Red states lose bid to pause EPA oil, gas methane rules
DC Circuit denies stay of EPA methane restrictions
The rule limits routine flaring of methane and creates a new program for "super emitters."
Alexandra Jones / July 9, 2024
WASHINGTON (CN) — A D.C. Circuit panel on Tuesday rejected a bid by a group of 24 Republican attorneys general to pause a new Environmental Protection Agency rule designed to reduce methane emissions from players in the oil and gas industry as they appeal the government’s move in court.
The new requirements under the Clean Air Act ask oil and gas producers to more strictly monitor their methane emissions — limiting routine flaring and creating a new program for “super emitters,” or large emission occurrences. It also asks that the industry update its equipment to better detect methane leaks from existing sources. New oil and gas companies will be subject to tighter restrictions.
Rosalie Winn, the director and lead counsel for the Environmental Defense Fund, applauded the refusal to stay, saying it would have allowed more methane pollution into the air during litigation. The environmental advocacy group is backing the EPA in the appeal.
“EPA’s commonsense oil and gas methane protections deliver vital reductions in climate and health-harming pollution,” Winn said in a statement, calling the suit a “meritless legal attack.”
“The court’s decision today ensures that the safeguards will begin to deliver benefits to communities that have long been overburdened by oil and gas pollution,” Winn said.
Methane leaks have been said to be the largest source of toxic emissions that contribute to ground level ozone that causes smog and asthma as well as climate change, with more than 80 times the warming capacity of carbon dioxide.
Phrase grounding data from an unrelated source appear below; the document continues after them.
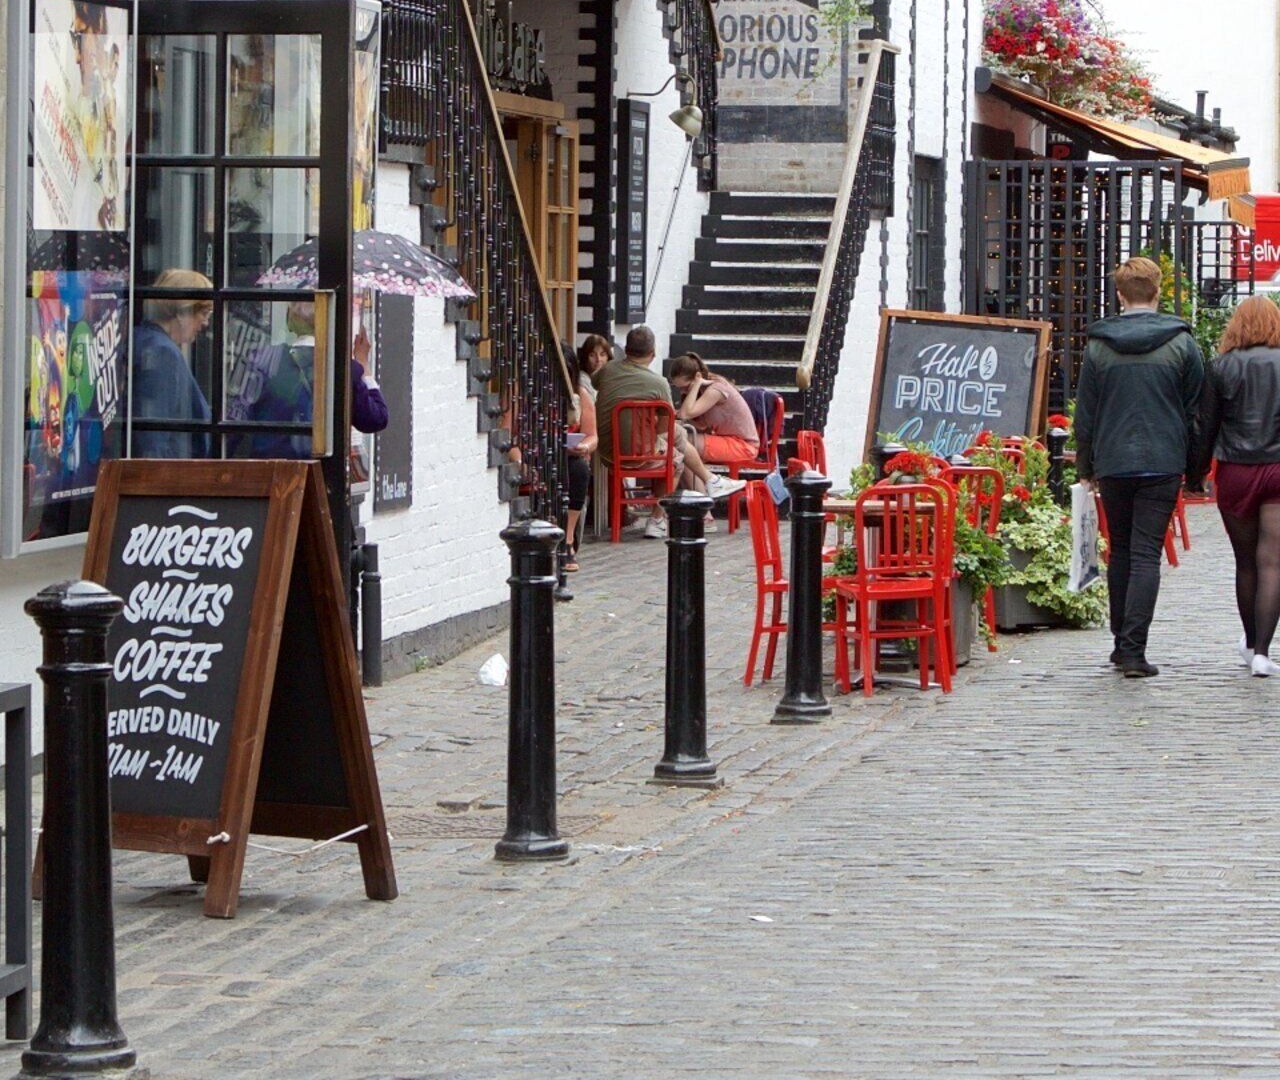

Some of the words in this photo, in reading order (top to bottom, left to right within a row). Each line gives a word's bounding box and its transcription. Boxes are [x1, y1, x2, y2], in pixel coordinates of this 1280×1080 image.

[719, 14, 819, 43] ORIOUS
[721, 47, 820, 80] PHONE
[86, 308, 122, 386] INSIDE
[918, 342, 978, 379] Half
[97, 351, 119, 415] OUT
[895, 375, 1007, 418] PRICE
[122, 523, 253, 569] BURGERS
[123, 580, 234, 627] SHAKES
[113, 638, 223, 683] COFFEE
[107, 705, 165, 737] ERVED
[167, 708, 221, 747] DAILY
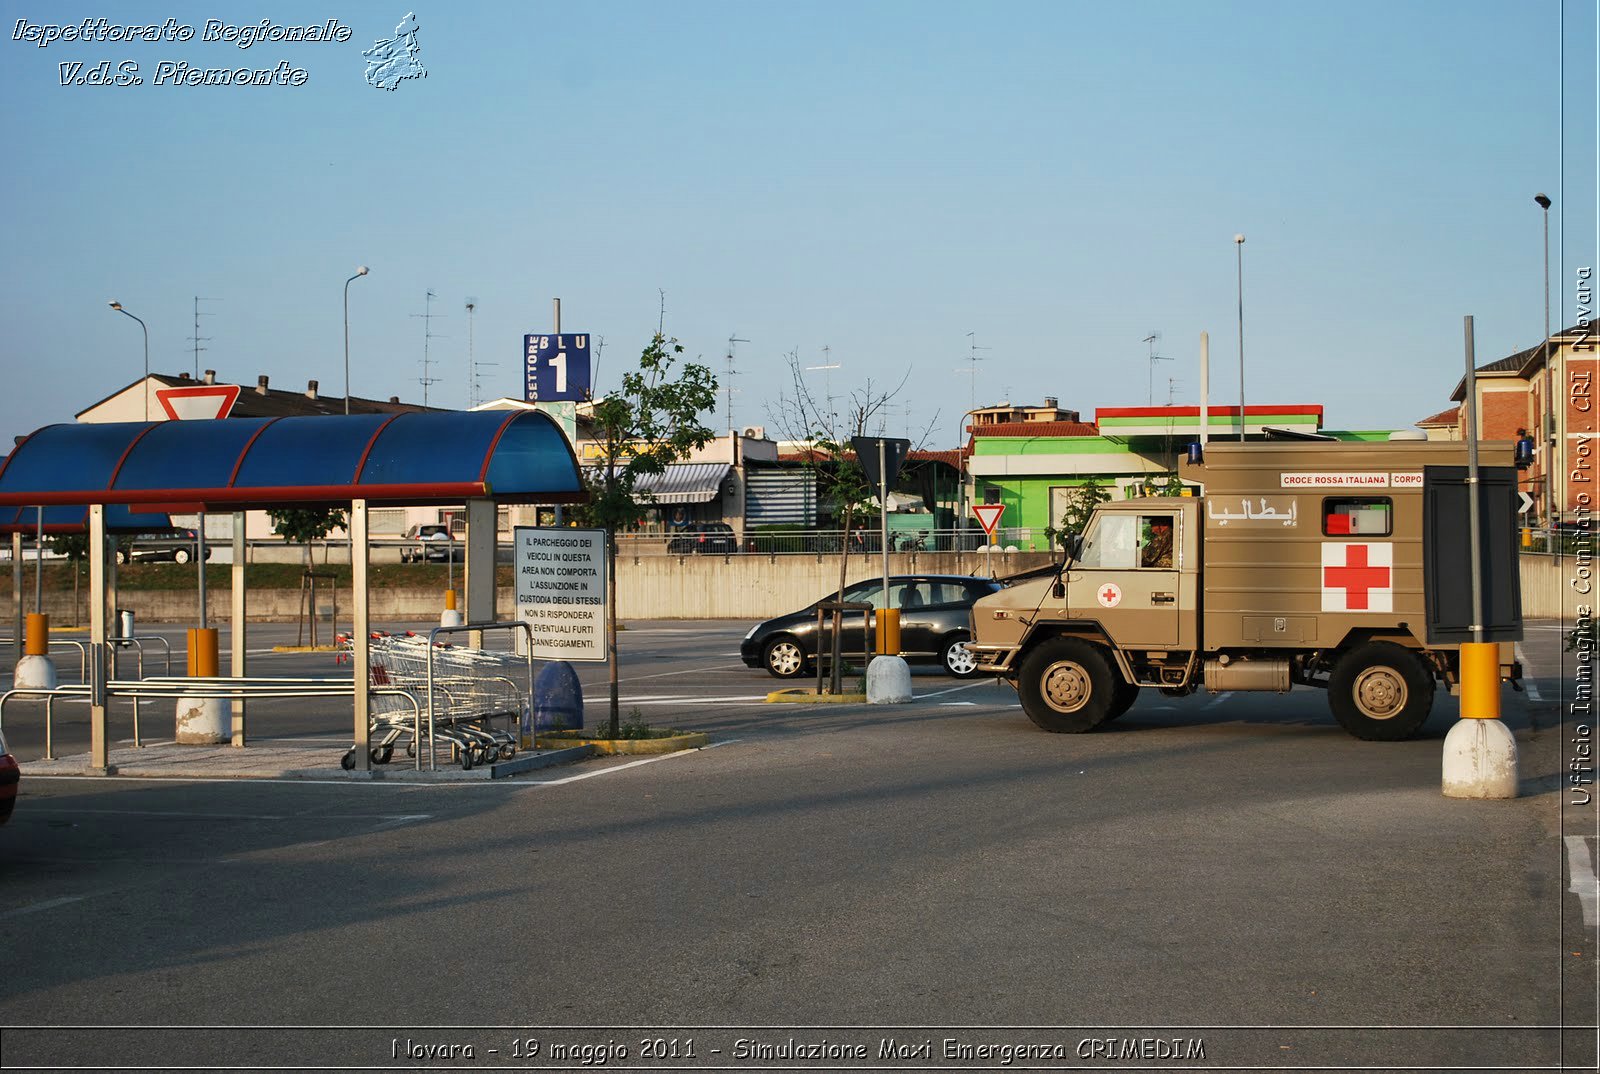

Published in the Federal Register on March 8, the requirements went into effect on May 7 and states have two years to implement the new measures.
The coalition of two dozen states, led by Oklahoma, initially filed suit on March 15 claiming the EPA had imposed “onerous new requirements.”
In a press release accompanying the suit, Oklahoma Attorney General Gentner Drummond called the rule a “a blatant attack on America’s oil and gas industry.”
“If allowed to take full effect, the rule would cost Oklahoma countless jobs, devastate the oil and gas industry, and force us to pay significantly higher energy prices,” Drummond said.
“The rule will impose millions of dollars of costs on the States, and those costs are starting to tally up right now. Yet the rule is legally unsound. It unlawfully deprives States of the discretion that Congress granted them. And it holds the states to a two-year deadline that will prove impossible to meet,” the states say in the lawsuit.
U.S. Circuit Judges Gregory Katsas, Neomi Rao, and Michelle Childs of the D.C. Circuit — two Donald Trump appointees and a Biden appointee, respectively — denied the request for a stay Tuesday.
States joining Oklahoma in the suit include: Alabama, Alaska, Arizona, Arkansas, Florida, Georgia, Idaho, Indiana, Iowa, Kansas, Kentucky, Louisiana, Mississippi, Missouri, Montana, Nebraska, North Dakota, Ohio, Oklahoma, South Carolina, Tennessee, Texas, Utah, Virginia, West Virginia and Wyoming. Republican Texas Attorney General Ken Paxton filed a separate legal challenge in the D.C. Circuit that has been consolidated with the other states' challenge.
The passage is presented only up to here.